Eskisi kadar büyük ve uzak değil dünya,
Her hangi bir yol ile,
Kağıtlara çizili,
Ya da bilgisayar ortamında uydular marifeti ile dünyamızı her köy ve kasabası ile, her cadde ve sokağı ile capcanlı gösteren haritaları serip önünüze dikkatle bakın,
En demokratik olanından en zorbasına insanın ulaştığı yönetebilme becerisine, geliştirebildiği siyasal aygıt ve teknolojiye bakın, hepsi insanın gemlenemez hırsına tabidir.
İnsanın
yönetme, öne çıkma, hükmetme arzu ve hırsına tabi çalışan aygıt ve teknolojilerden
birkaç adım öteye gidebilmiş değil insan.
Hemen
bütün siyasal aygıtlar bir meşruiyet sorunu yaşıyor ve hemen hepsinde bu sorunu
gidermenin yolu halk olarak işaret ediliyor.
Demek ki
meşruiyetin kaynağı temel olarak halk.

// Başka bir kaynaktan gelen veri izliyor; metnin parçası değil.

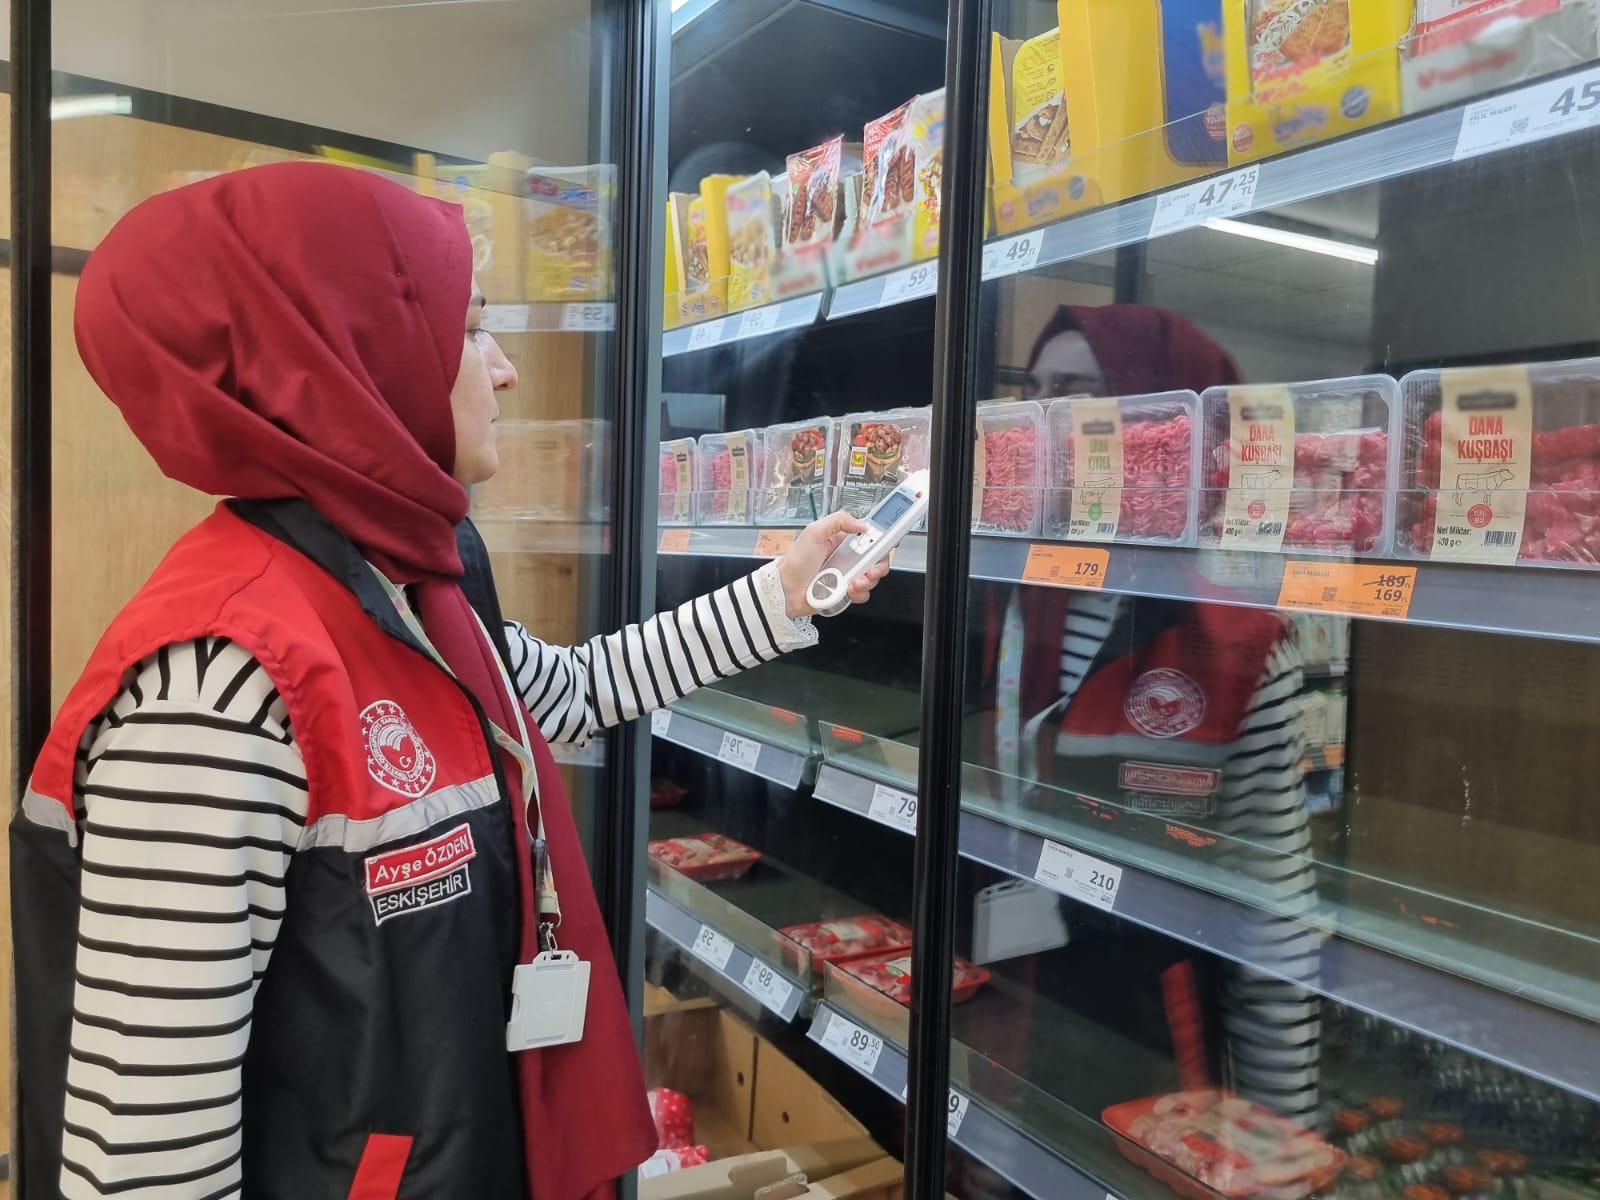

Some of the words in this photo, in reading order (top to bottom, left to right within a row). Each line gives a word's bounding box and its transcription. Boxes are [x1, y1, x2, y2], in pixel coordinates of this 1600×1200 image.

[1549, 80, 1600, 116] 45
[1007, 239, 1030, 260] 49
[908, 267, 927, 287] 59
[1249, 424, 1274, 442] DANA
[1469, 416, 1503, 435] DANA
[1240, 445, 1281, 464] KUŞBAŞI
[1457, 439, 1513, 462] KUŞBAŞI
[1437, 526, 1448, 535] Net
[1449, 526, 1472, 536] Miktar:
[1075, 562, 1099, 576] 179
[1377, 574, 1406, 588] 189
[1374, 589, 1402, 602] 169
[898, 797, 917, 818] 79
[374, 859, 422, 883] Ayşe
[425, 834, 469, 867] ÖZDEN
[1090, 870, 1115, 891] 210
[376, 874, 464, 914] ESKİŞEHİR
[850, 1030, 869, 1051] 89
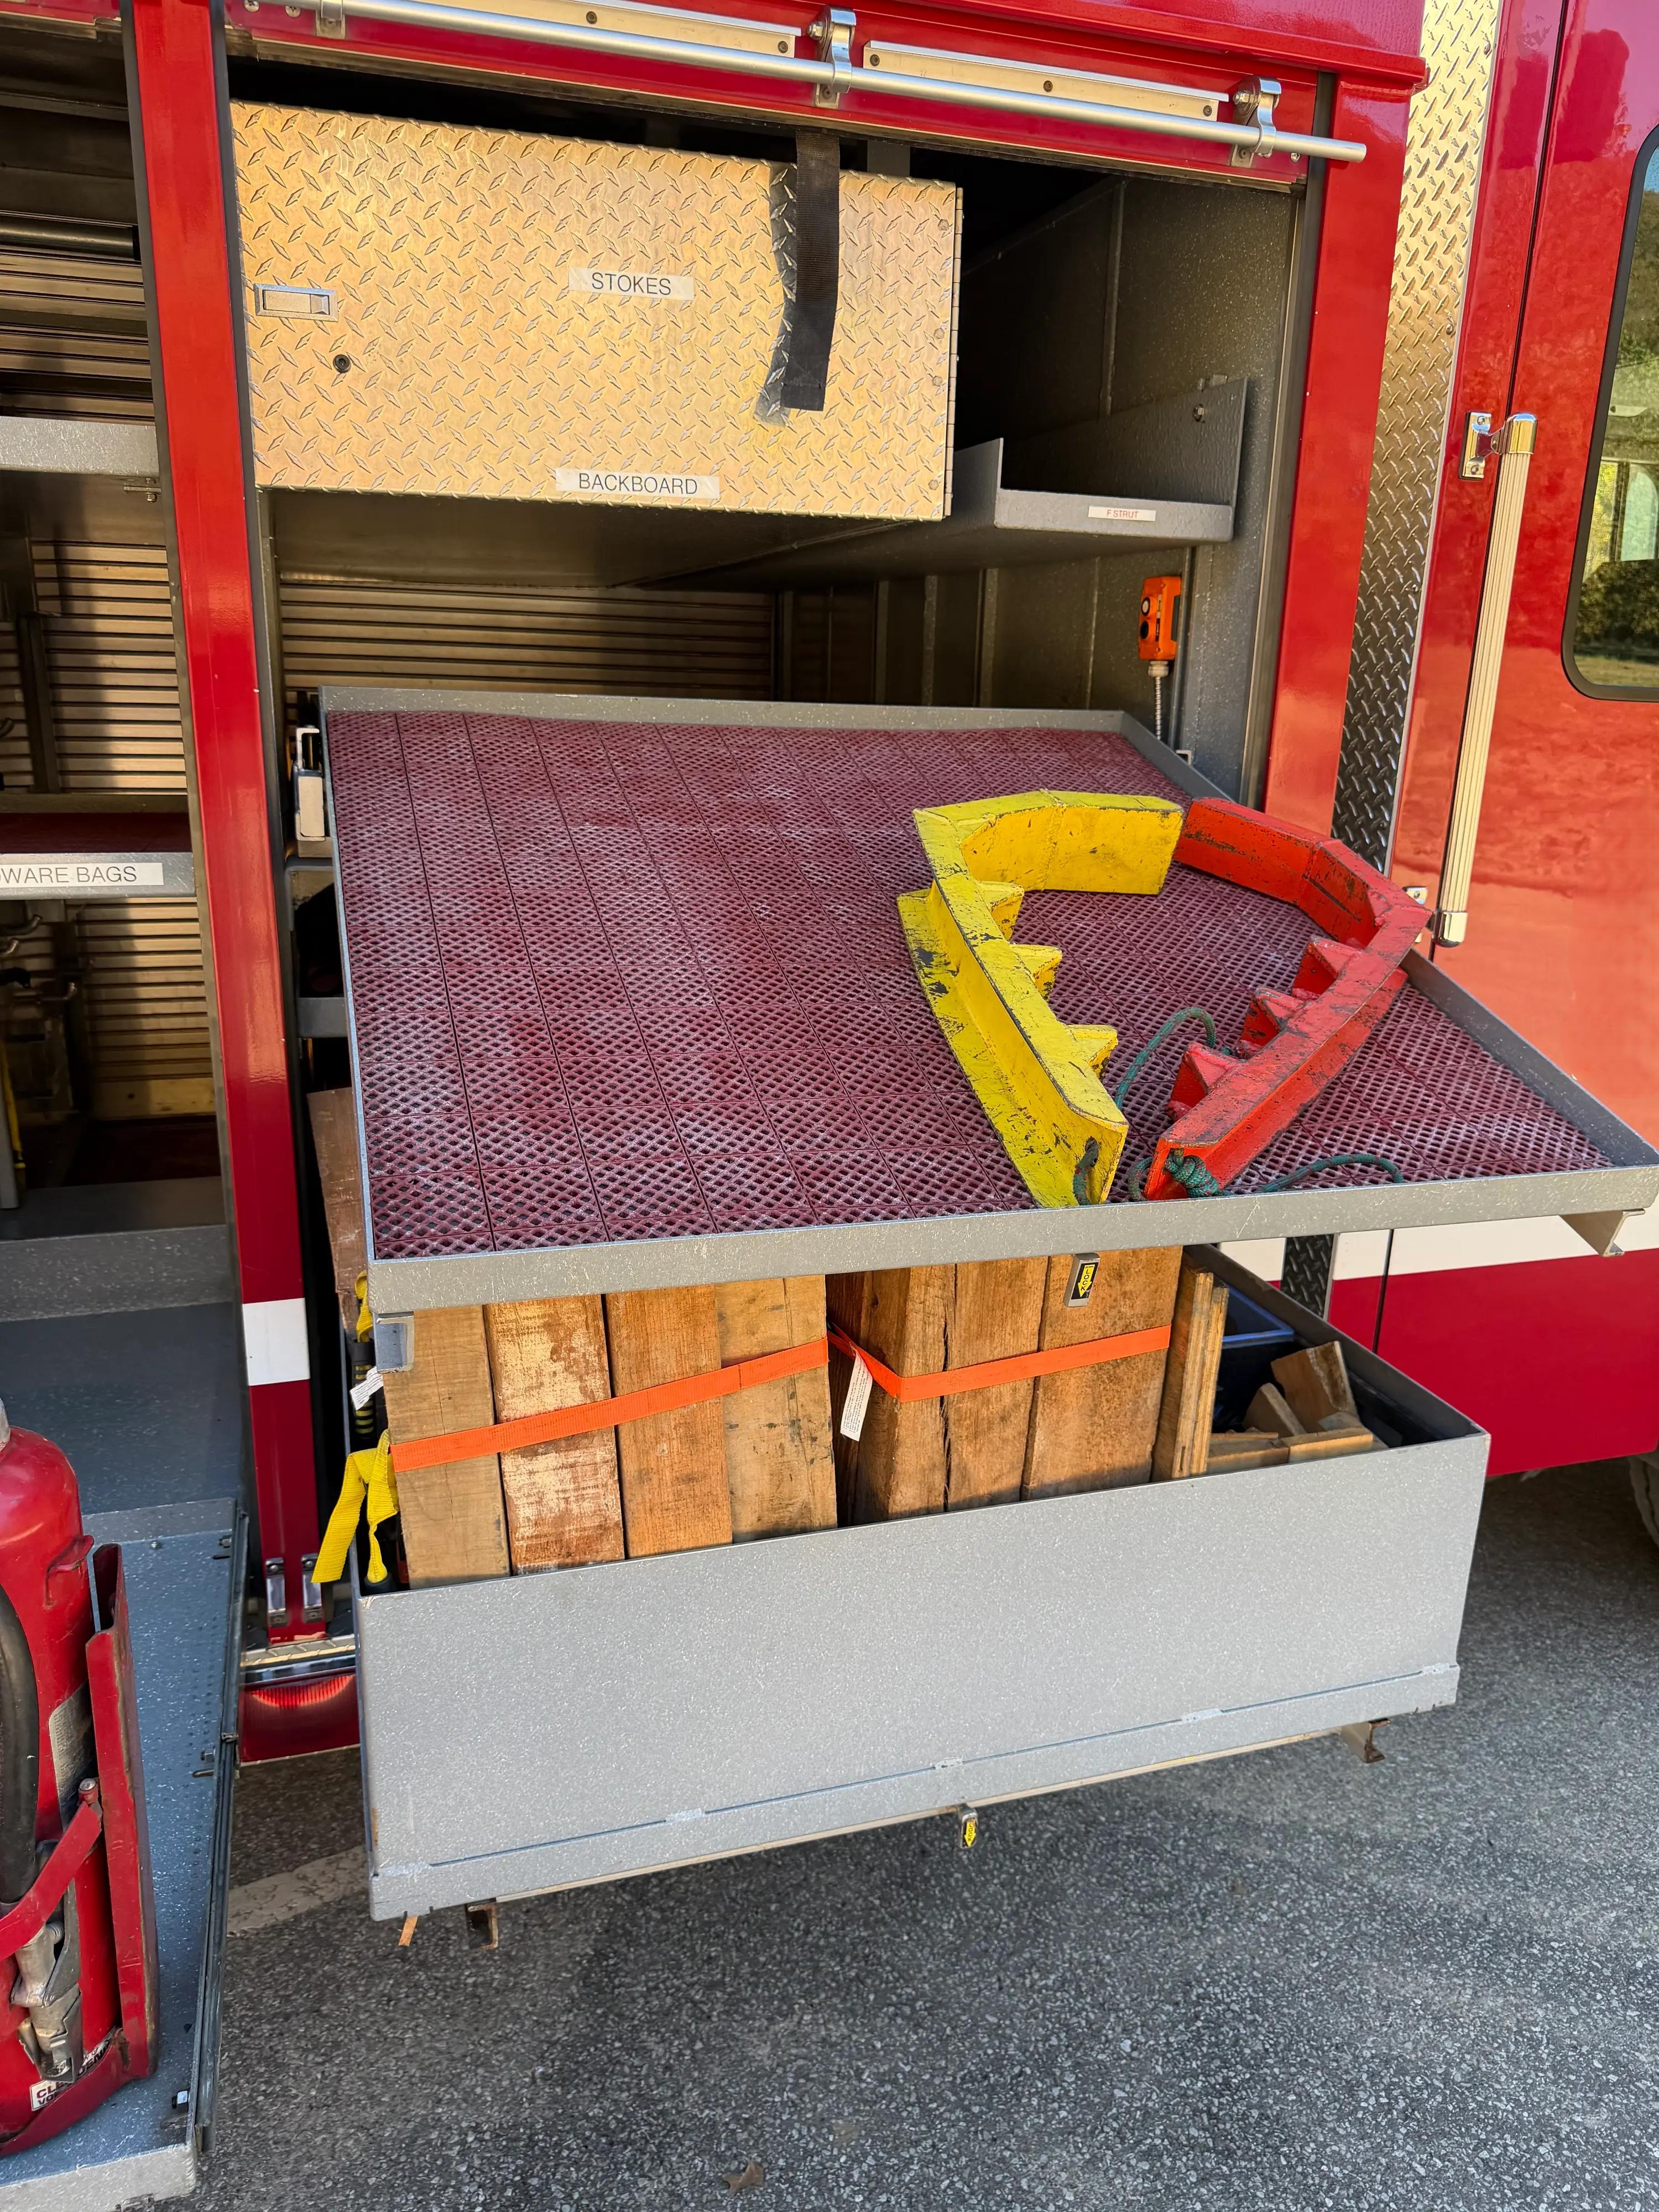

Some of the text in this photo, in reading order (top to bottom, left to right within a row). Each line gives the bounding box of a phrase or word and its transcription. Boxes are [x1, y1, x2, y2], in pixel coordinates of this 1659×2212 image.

Ancak bu da sorunu çözmeye yetmiyor,
çünkü her kesin tam olarak kapsandığı bir temsil mekanizması yazık ki yok. İşte
seçimler, onlarca mekanizması ile meclisler, denetleme ve yasa kurumları, alt
ve üst mahkemeler, halkın seçimi ile meşruiyet kazanmış bu gemlenemez insan
hırsına bir tür kontrol, bir fren, bir sınırlama getirmek için ihdas
edilmektedir.
Peki,
ama bu kadar karmaşık, maliyetli, dolambaçlı mekanizmalara rağmen insanlığın
ulaştığı yönetme becerisi ve geliştirdiği yönetim mekanizmaları, insan gibi
naif ve kırılgan bir varlığı daha korunaklı, daha güvenli ‘vatan’lara
ulaştırabildi mi? Buna evet demek gerçekten zor. Sonuç itibari ile anladık ki
seçim ile de gelse zalim yine de zulmünü icra edecek, nice asude yerleşimleri,
kasabaları, münzevi köyleri bile kan deryasına çevirecek.
Daha da
önemlisi modern yönetim aygıtlarımız dünyayı daha adil ve daha ahlaklı da
kılmadı. Mesela bu kadar okula, üniversiteye, meclise, mahkemeye ve sayısız
kurum ve kurula rağmen, aklı zorlayan katliam ve zulümlerde bir azalma olmadı
dünyada. Modern batı demokrasileri ile diğer göstermelik seçimli sistemler
arasında adeta adı konmamış bir katliam ve zulüm ortaklığı apaçık ortada.
Bu gün
Suriye’de 300 bini aşkın masum sivilin katliamında seçimle gelmiş Esed diktası
kadar buna her anlamda örtülü örtüsüz destek veren birçok batılı gelişmiş demokrasi
mevcut. Yine daha birkaç ay evvel Gazze’de 1400’u aşkın, tamamı sivil,
çoğunluğu çocuk ve kadın, insanı katleden İsrail gerçek anlamda bir demokrasi,
İsrail’e destek olan soldan sağa bütün batılı gelişmiş demokrasilerin
demokratlıklarını sorgulamak teorik olarak abesle iştigal.
Modern
anlamda seçim, hırslı insanların, ortaya atılabilme cüretine sahip çoğu zaman
hadsizlerin, para-güç ve diğer metalara ulaşma konusunda neredeyse ahlaksızca
bir arzu sahibi karakterlerin kendilerini halka beğendirme yarışından ibaret.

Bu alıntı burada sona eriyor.